__Problem details__
Retype the data exactly, skipping any picture in it.

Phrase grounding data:
▬▬▬▬▬▬▬▬▬▬

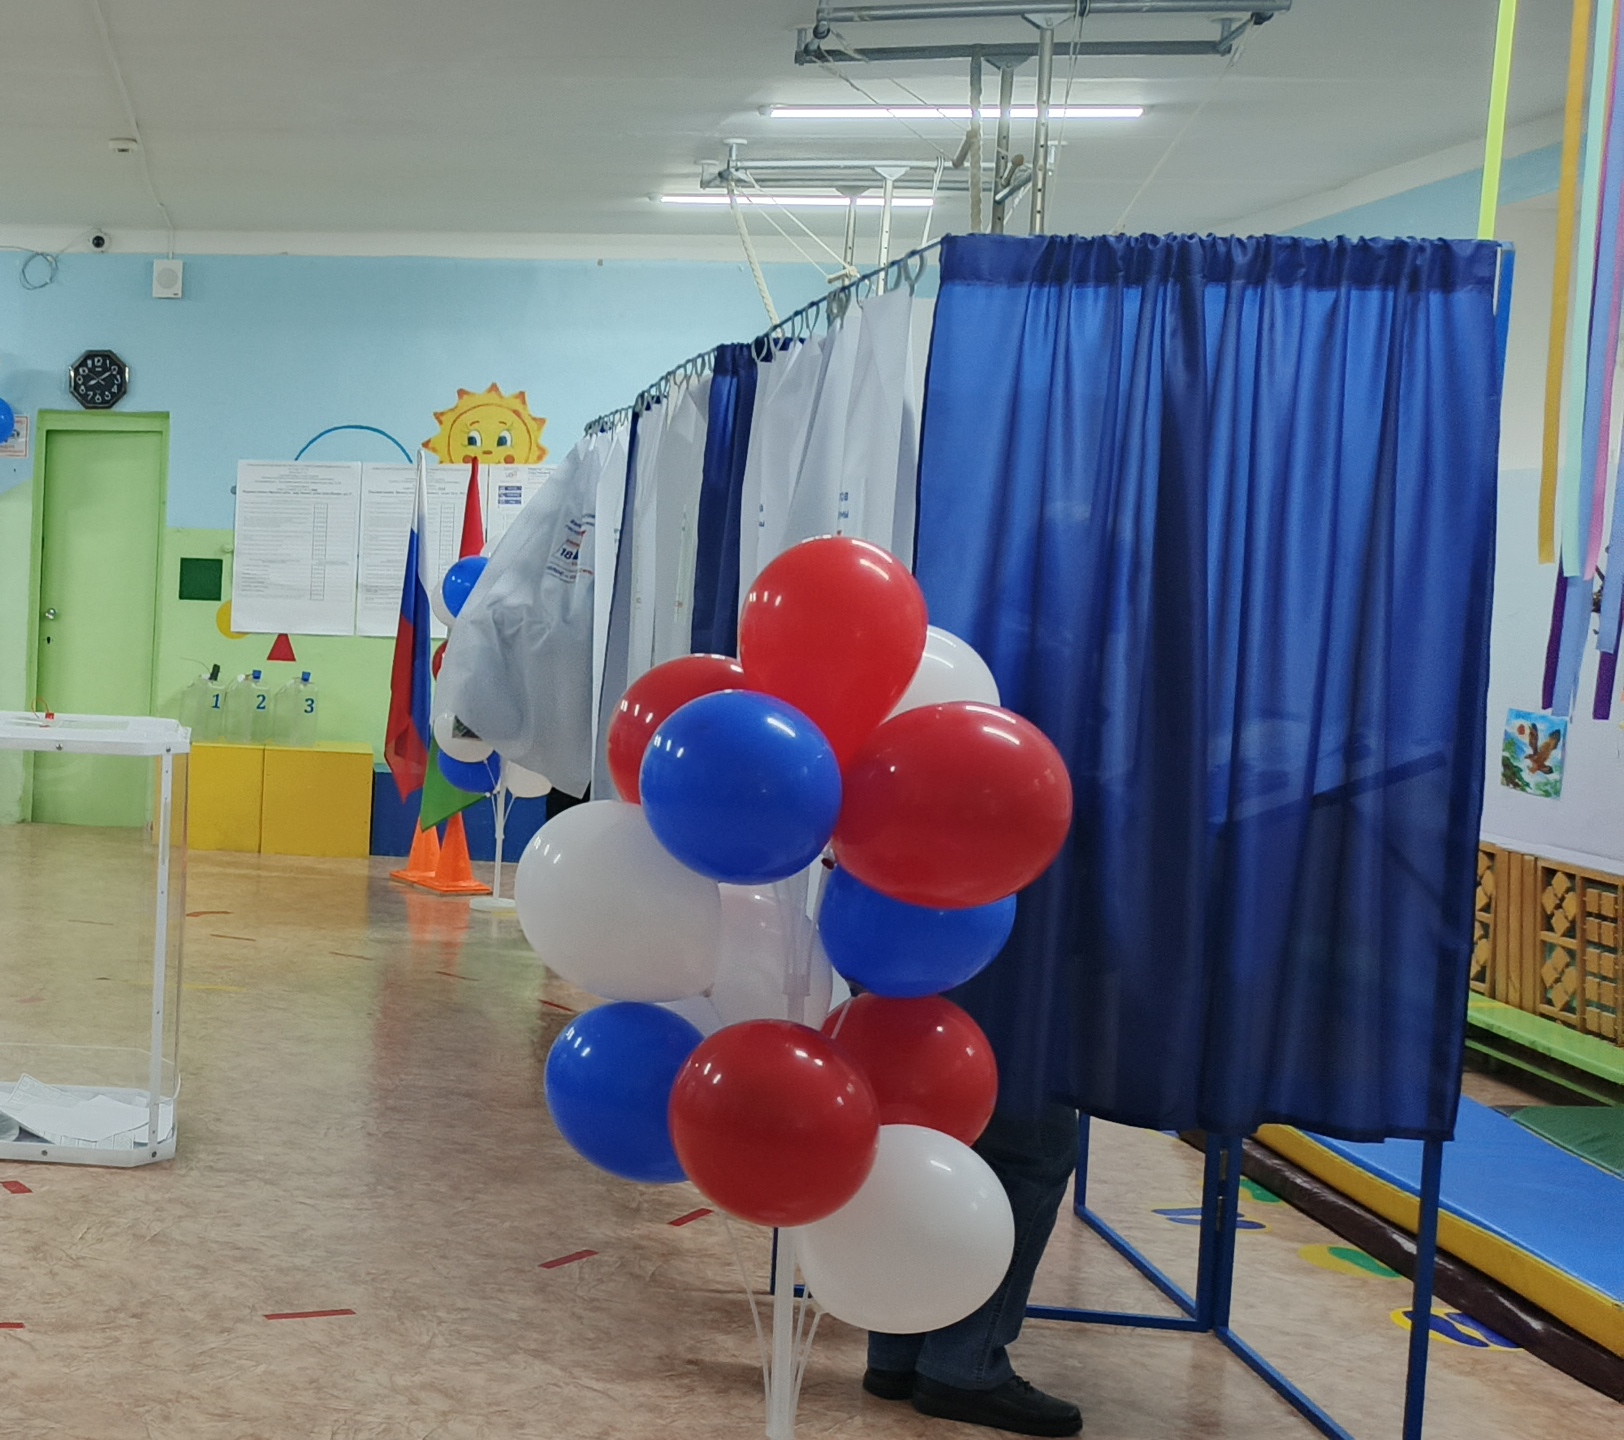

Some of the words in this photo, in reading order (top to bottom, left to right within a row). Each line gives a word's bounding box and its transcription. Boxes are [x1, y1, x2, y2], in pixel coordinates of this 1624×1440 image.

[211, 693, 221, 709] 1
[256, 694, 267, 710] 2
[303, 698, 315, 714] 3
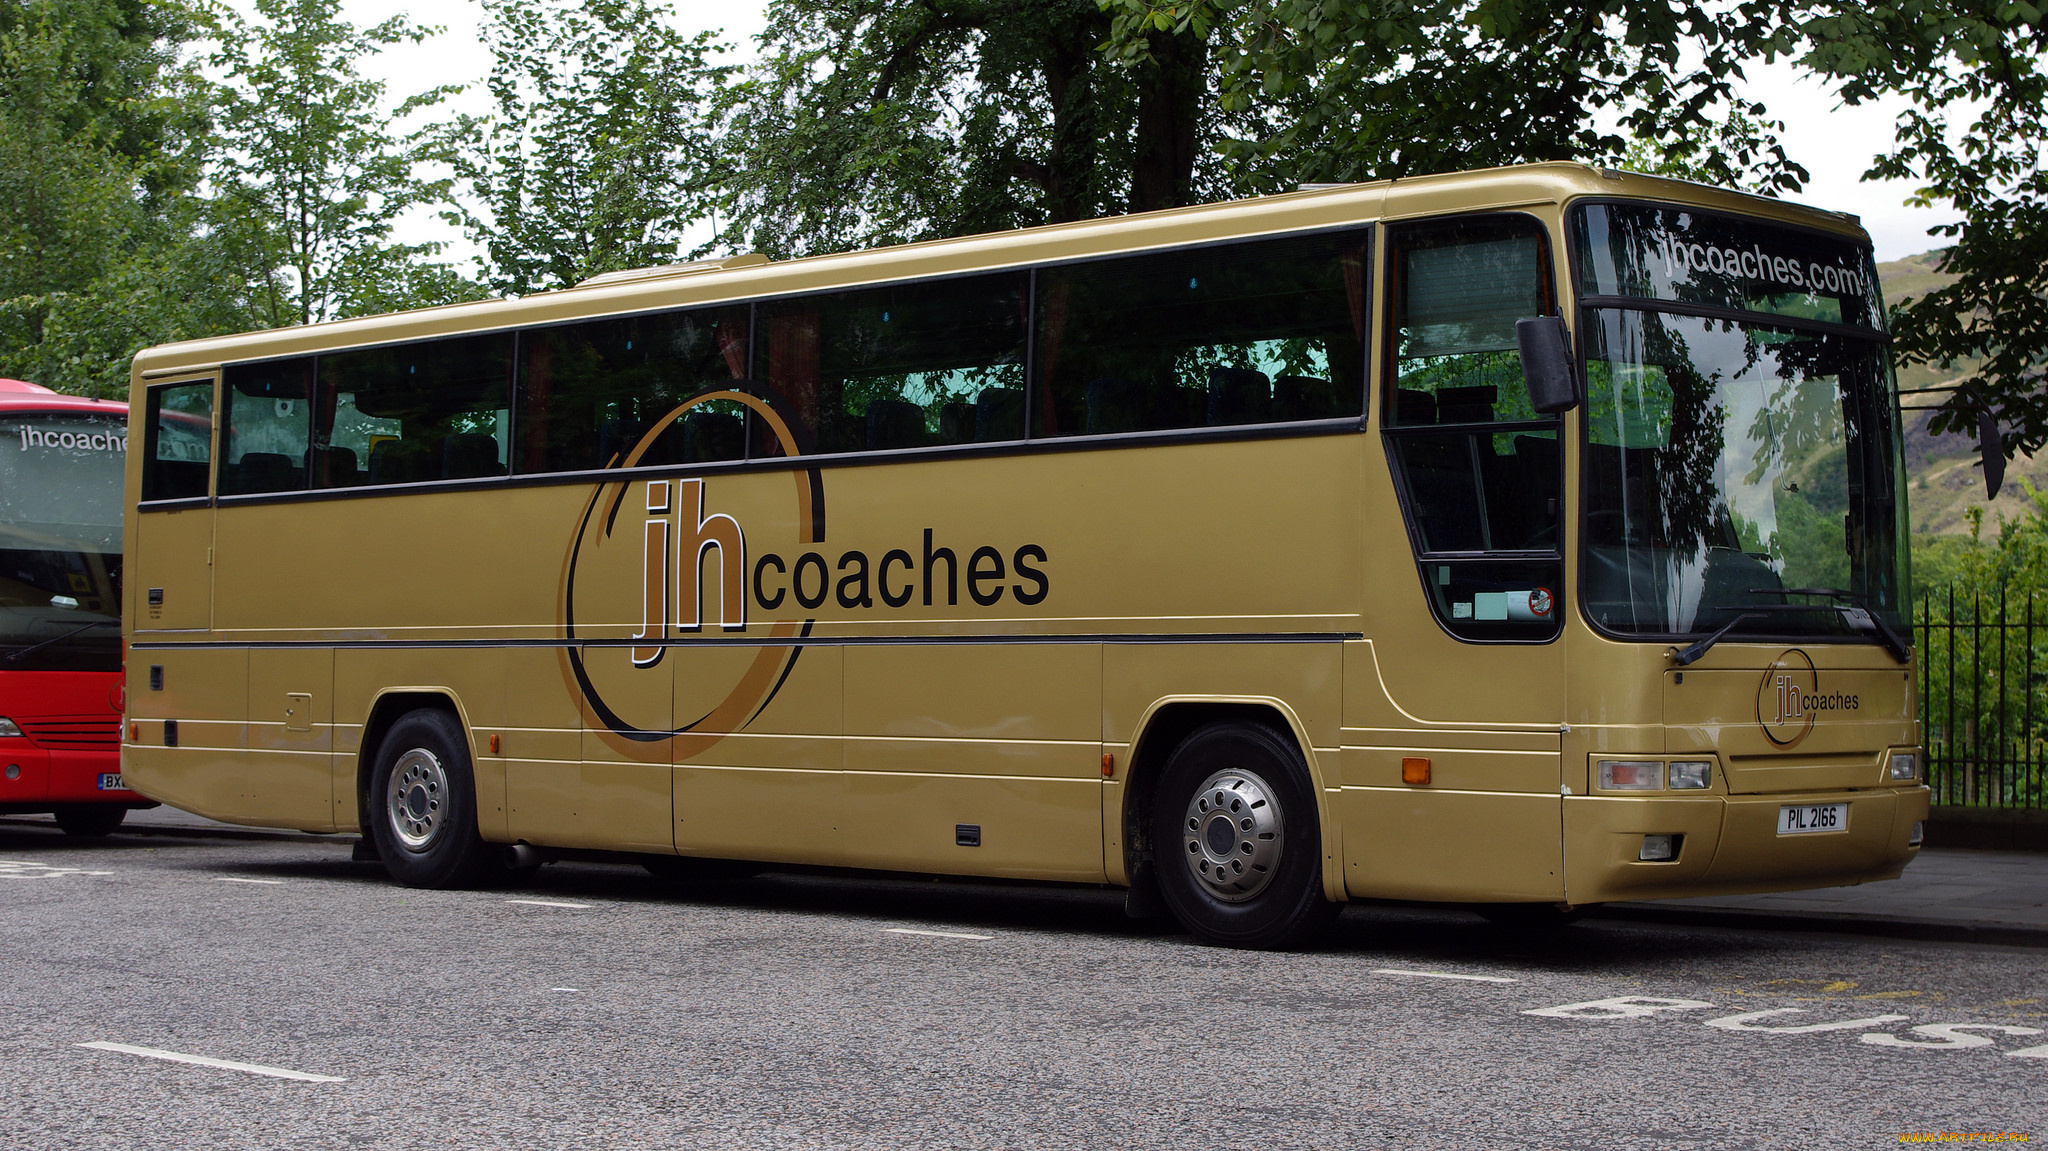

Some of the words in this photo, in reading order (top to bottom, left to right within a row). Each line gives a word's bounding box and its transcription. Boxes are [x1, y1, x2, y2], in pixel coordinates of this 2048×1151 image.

▬▬▬▬▬▬▬▬▬▬

__Reply to the exercise__
Some of the words in this photo, in reading order (top to bottom, left to right within a row). Each line gives a word's bounding box and its transcription. Boxes are [x1, y1, x2, y2], in pixel coordinates of this 1624×1440 image.

[211, 693, 221, 709] 1
[256, 694, 267, 710] 2
[303, 698, 315, 714] 3

Some of the words in this photo, in reading order (top to bottom, left to right within a row). Each line gives a word's bounding box and its transcription. Boxes are [x1, y1, x2, y2], in pixel coordinates of this 2048×1151 image.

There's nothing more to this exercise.